Provided records:
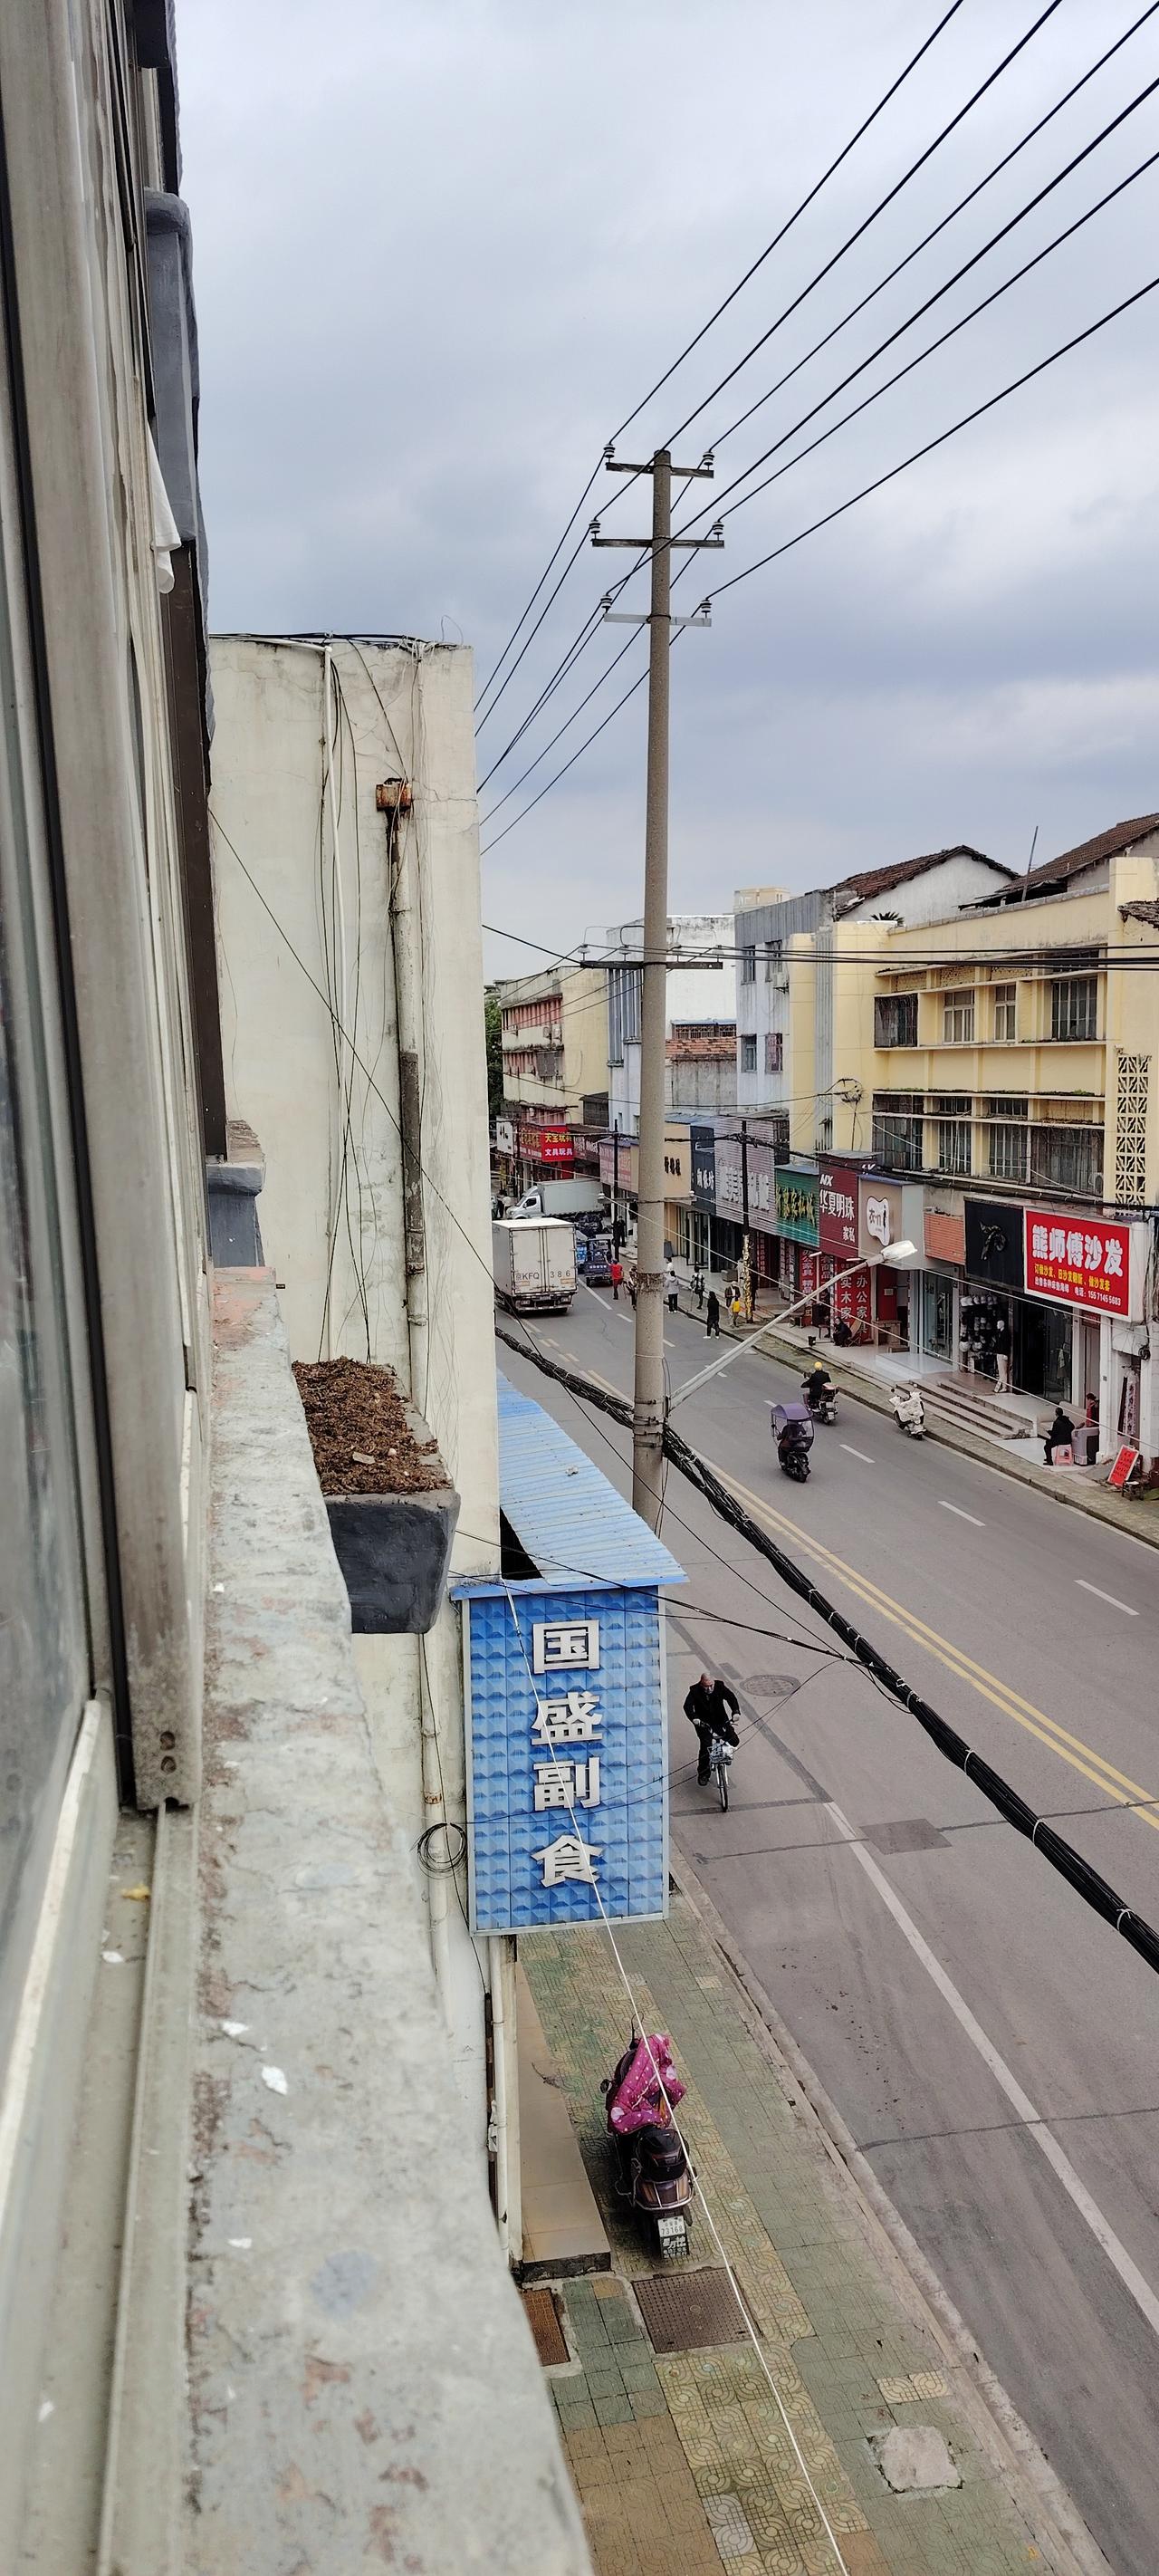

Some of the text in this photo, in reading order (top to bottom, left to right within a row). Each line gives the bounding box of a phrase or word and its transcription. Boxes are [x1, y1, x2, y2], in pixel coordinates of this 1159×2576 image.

[544, 1148, 573, 1157] 文具玩具
[819, 1188, 855, 1221] 华夏明珠
[842, 1226, 856, 1243] 家私
[1032, 1224, 1123, 1277] 熊师傅沙发
[840, 1275, 852, 1328] 实木家
[856, 1274, 868, 1334] 办公家具
[531, 1620, 603, 1888] 国盛副食
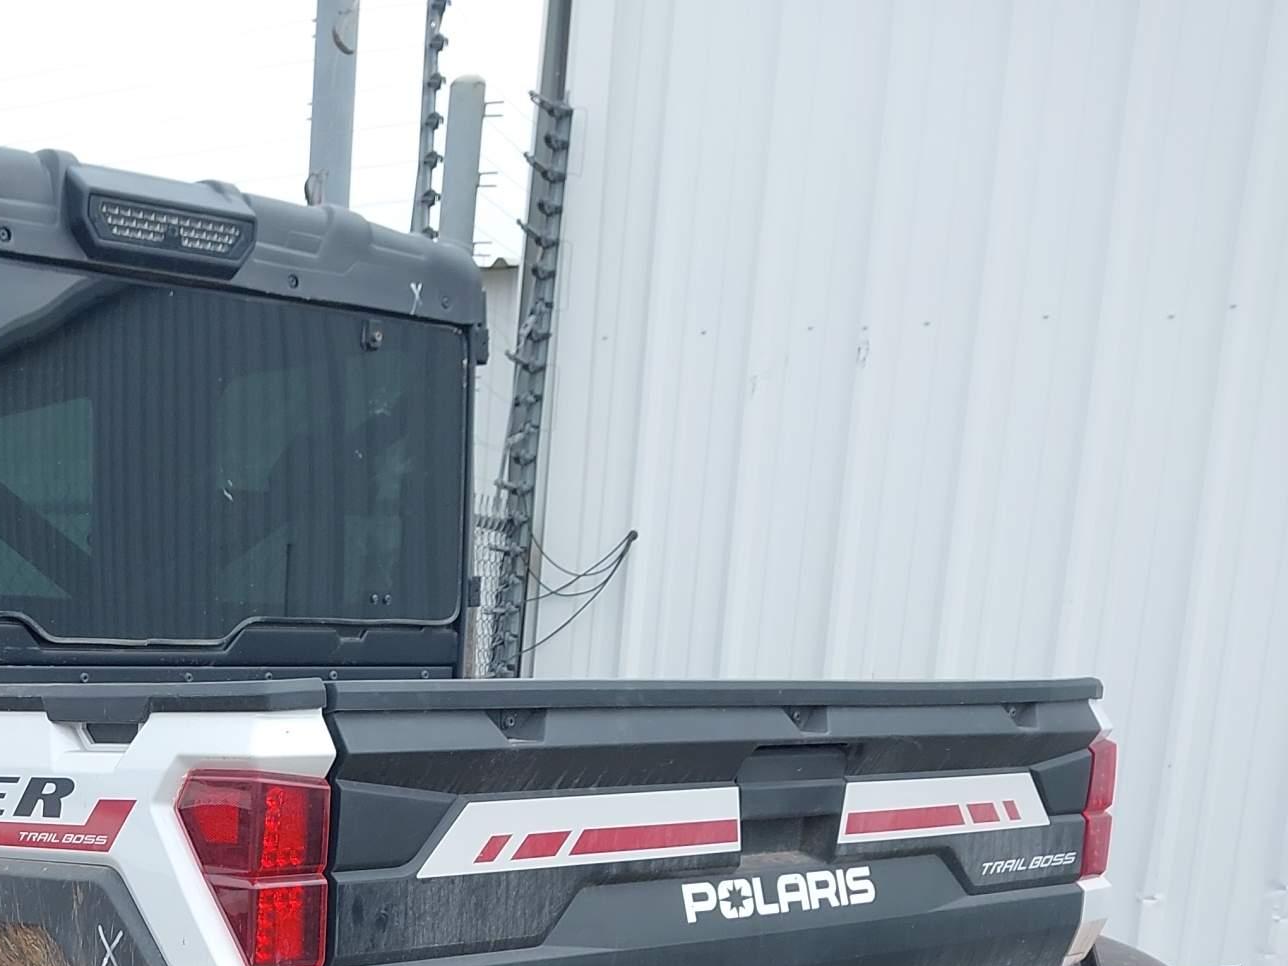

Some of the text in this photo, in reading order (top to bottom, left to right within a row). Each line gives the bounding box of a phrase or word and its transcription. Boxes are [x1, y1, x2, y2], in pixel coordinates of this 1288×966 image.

[18, 831, 109, 846] TRAIL BOSS
[980, 851, 1077, 877] TRAIL BOSS
[680, 865, 877, 925] POLARIS

What the task asks:
Where a picture appears, omit it, and otherwise retype the material exactly.

Written answer:
Some of the text in this photo, in reading order (top to bottom, left to right within a row). Each line gives the bounding box of a phrase or word and its transcription. Boxes are [x1, y1, x2, y2], in pixel coordinates of this 1159×2576 image.

[544, 1148, 573, 1157] 文具玩具
[819, 1188, 855, 1221] 华夏明珠
[842, 1226, 856, 1243] 家私
[1032, 1224, 1123, 1277] 熊师傅沙发
[840, 1275, 852, 1328] 实木家
[856, 1274, 868, 1334] 办公家具
[531, 1620, 603, 1888] 国盛副食

Some of the text in this photo, in reading order (top to bottom, left to right within a row). Each line gives the bounding box of a phrase or word and its transcription. Boxes are [x1, y1, x2, y2], in pixel coordinates of this 1288×966 image.

[18, 831, 109, 846] TRAIL BOSS
[980, 851, 1077, 877] TRAIL BOSS
[680, 865, 877, 925] POLARIS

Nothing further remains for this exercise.